Kharkiv Airport’s passenger traffic jumped by 55% y-o-y, to 111,600 in January. With Ryanair and Wizz Air firmly established serving Ukraine second’s largest city, there will be direct scheduled flights from Kharkiv to 20 EU cities by March. Today, the most popular destinations are split between work: Dortmund, Gdansk, Krakow, Prague, Vienna, Warsaw, and Wroclaw; and pleasure — Istanbul and Sharm El Sheik. Last year, Kharkiv’s air passenger traffic was up 39%, to 1.3 million.

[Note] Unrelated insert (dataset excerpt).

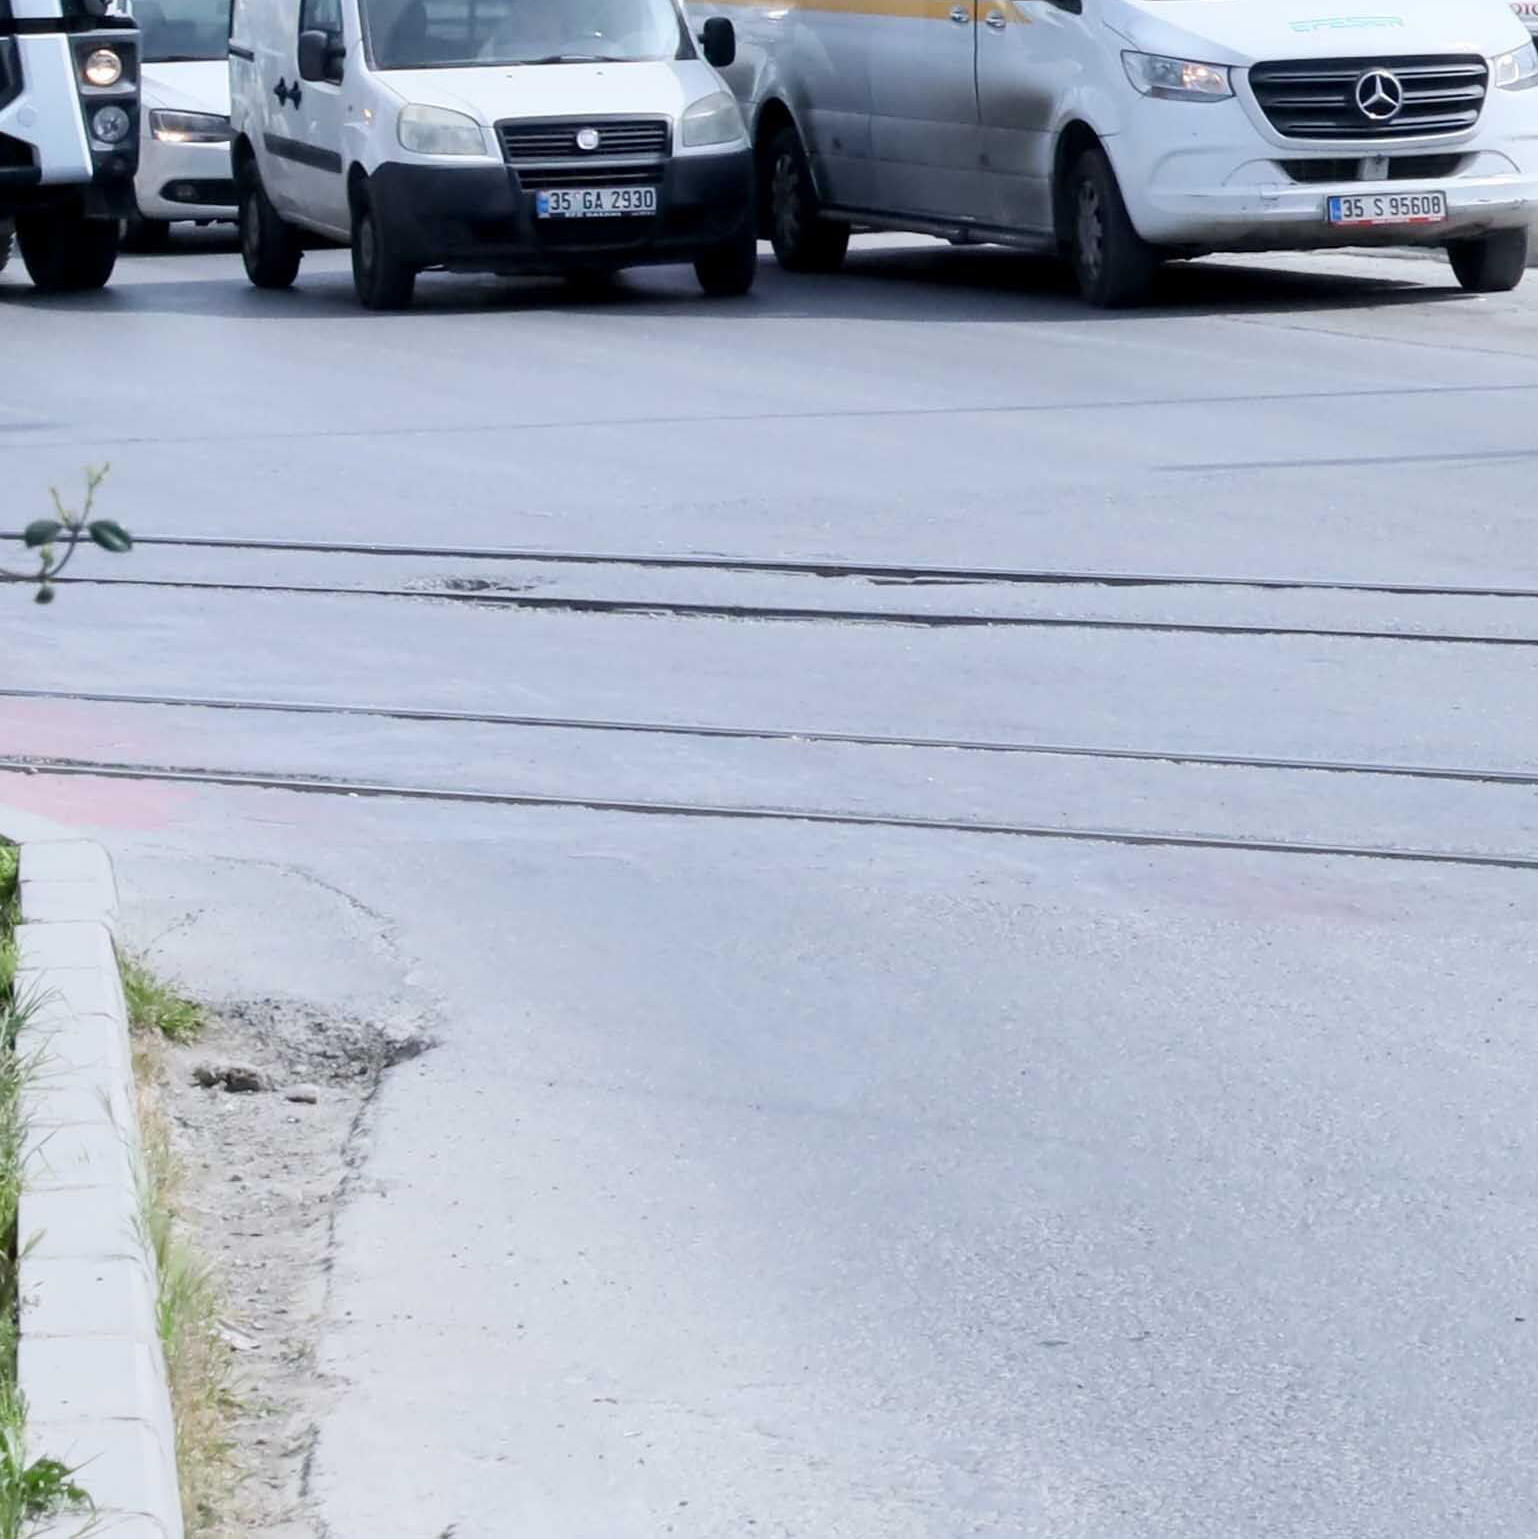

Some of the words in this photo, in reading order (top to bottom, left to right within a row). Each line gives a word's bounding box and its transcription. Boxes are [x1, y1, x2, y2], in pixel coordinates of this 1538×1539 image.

The cruise business of the Ukrainian Danube Shipping Company lost $2 million last year, despite the fact that the company’s four boats enjoyed “88-90%” occupancy, Oleksiy Khomyakov, acting board chair of the state company, tells the Center for Transportation Strategies. Part of new management, Khomyakov blamed the losses on corrupt deals. Using four Soviet-era cruise ships, Ukrainian Danube offers inexpensive river tours “From the Alps to the Black Sea” – from Vienna to Bratislava to Budapest to Belgrade to the company’s home port in Izmail, in Ukraine’s Danube delta.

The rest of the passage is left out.